> EXERCISE PROMPT
Copy all data exactly. Skip pictures.

────

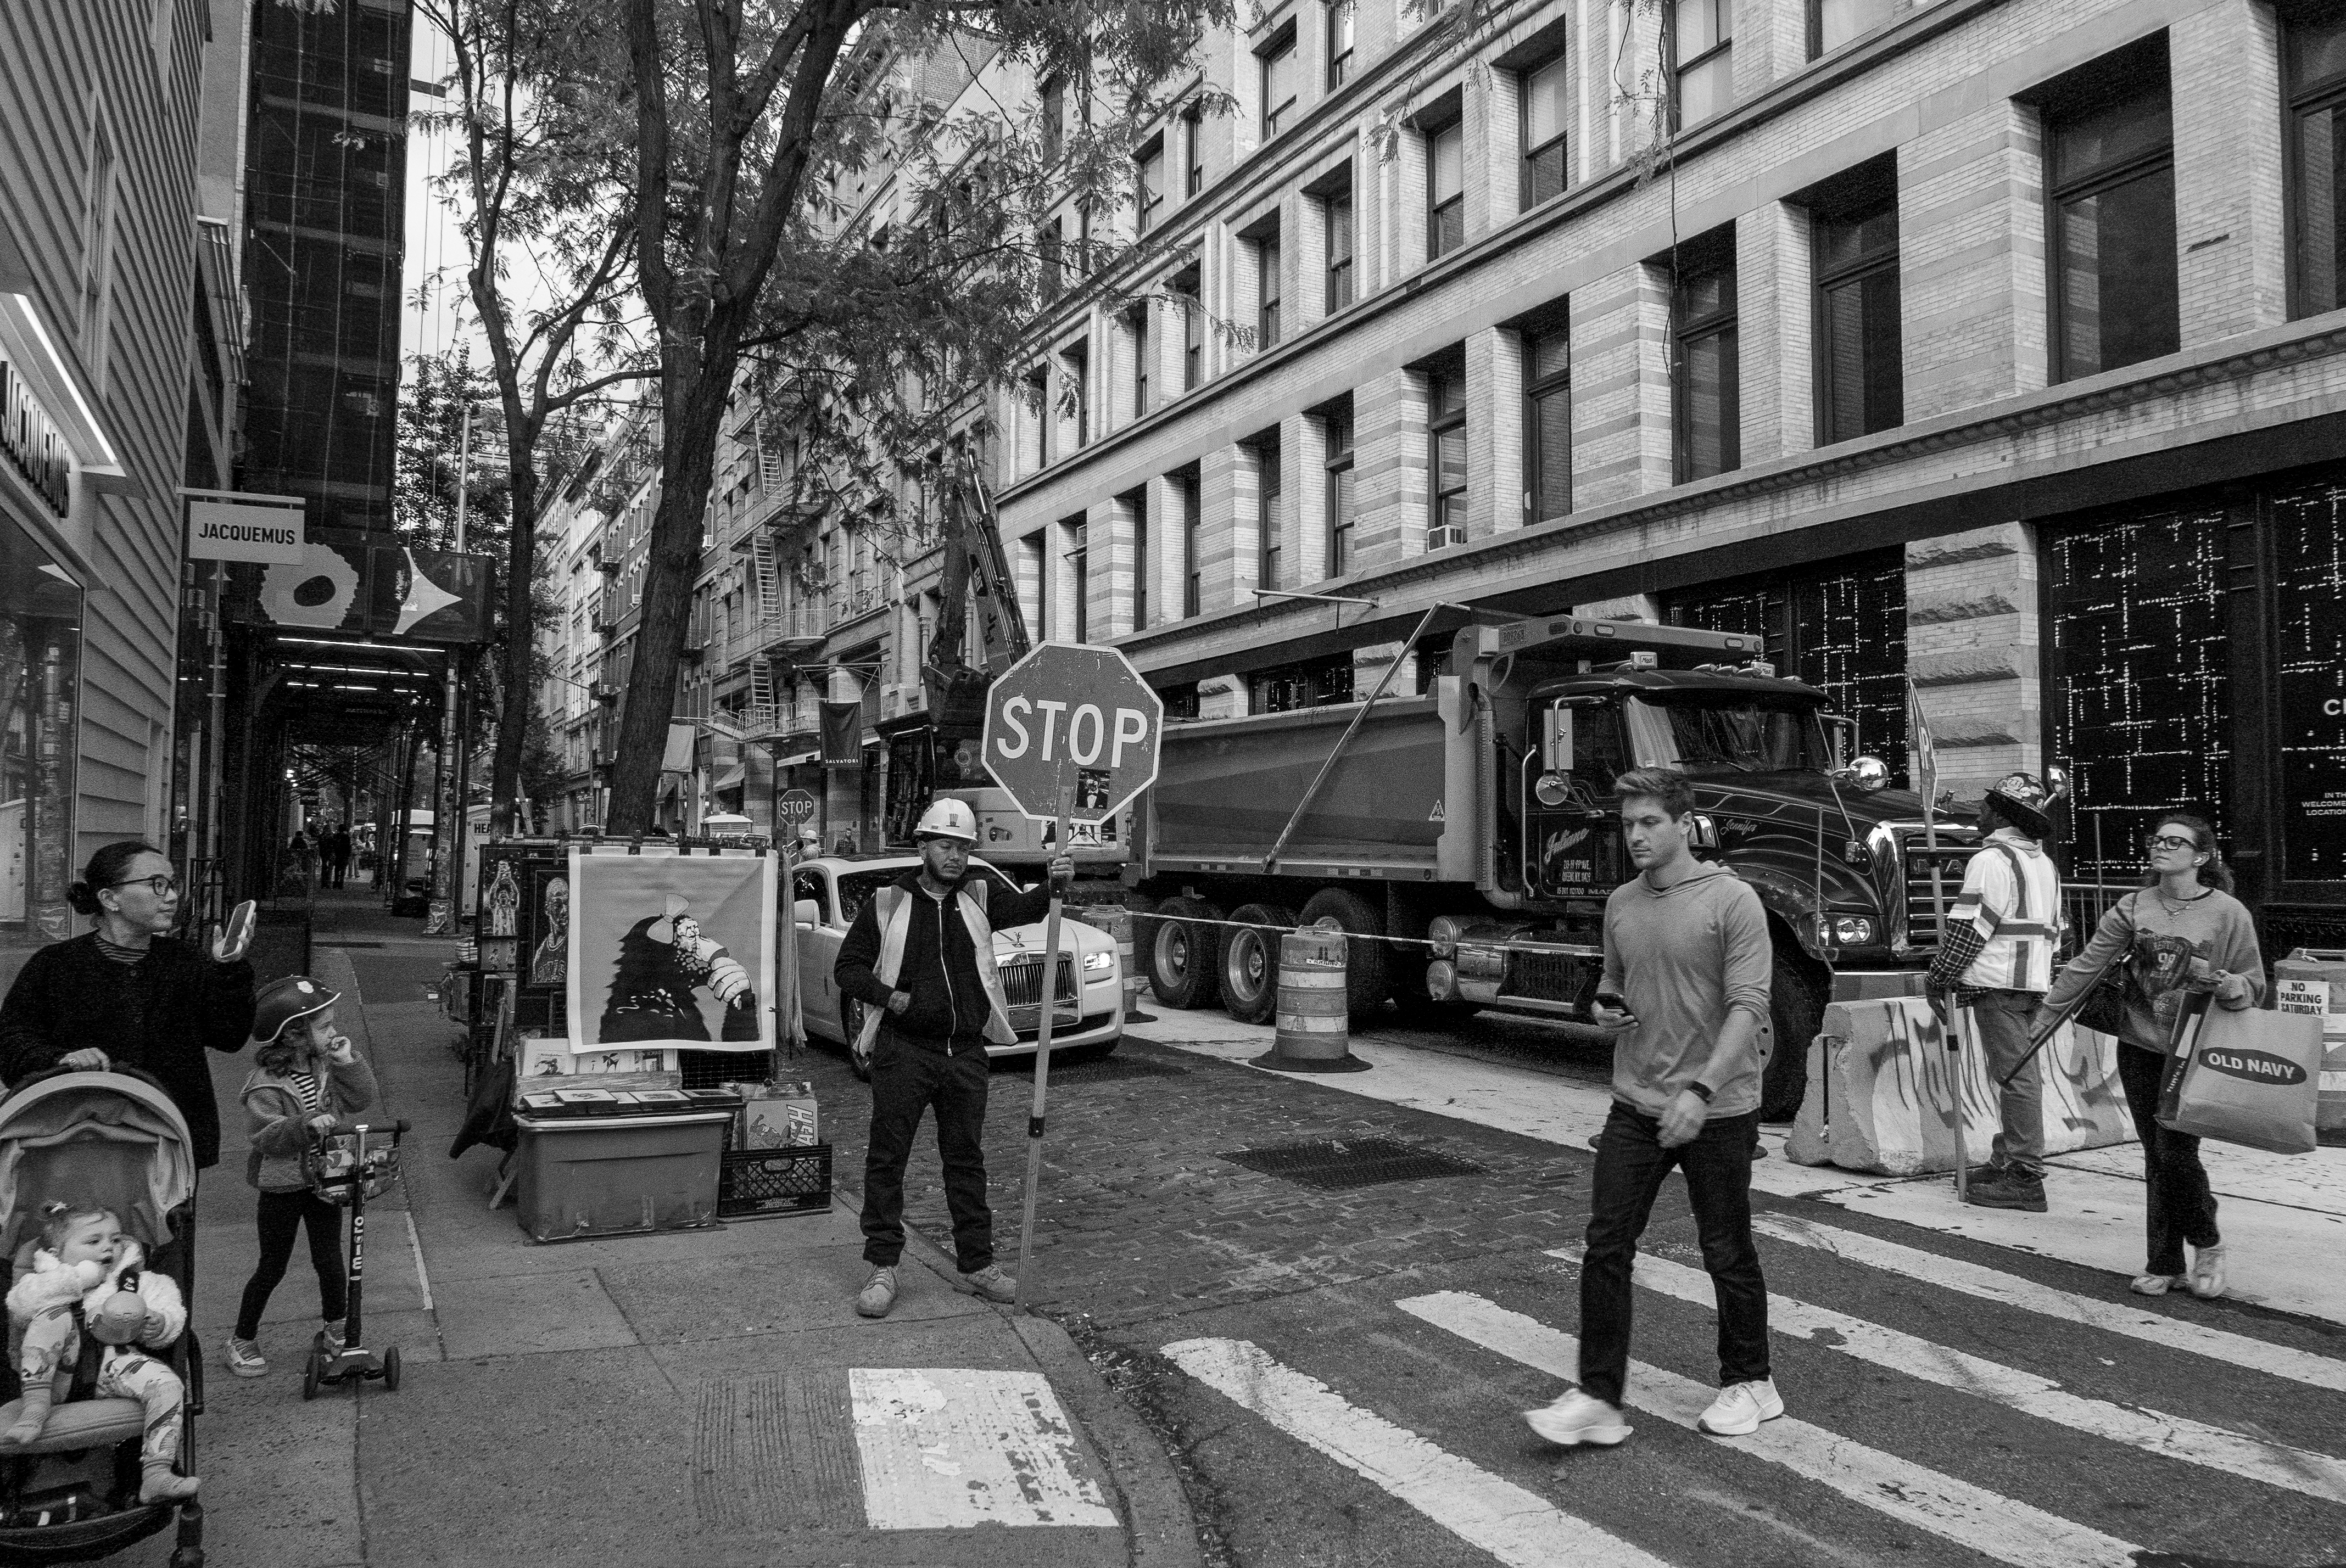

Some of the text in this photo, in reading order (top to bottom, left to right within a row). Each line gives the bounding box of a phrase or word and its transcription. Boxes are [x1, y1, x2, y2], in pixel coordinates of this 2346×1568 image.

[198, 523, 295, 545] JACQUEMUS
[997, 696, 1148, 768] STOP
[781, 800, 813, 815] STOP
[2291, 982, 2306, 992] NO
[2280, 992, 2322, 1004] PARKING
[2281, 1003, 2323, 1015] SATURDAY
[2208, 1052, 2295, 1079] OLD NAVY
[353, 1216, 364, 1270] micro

────

> EXERCISE RESPONSE
Some of the text in this photo, in reading order (top to bottom, left to right within a row). Each line gives the bounding box of a phrase or word and its transcription. Boxes are [x1, y1, x2, y2], in pixel coordinates of this 2346×1568 image.

[198, 523, 295, 545] JACQUEMUS
[997, 696, 1148, 768] STOP
[781, 800, 813, 815] STOP
[2291, 982, 2306, 992] NO
[2280, 992, 2322, 1004] PARKING
[2281, 1003, 2323, 1015] SATURDAY
[2208, 1052, 2295, 1079] OLD NAVY
[353, 1216, 364, 1270] micro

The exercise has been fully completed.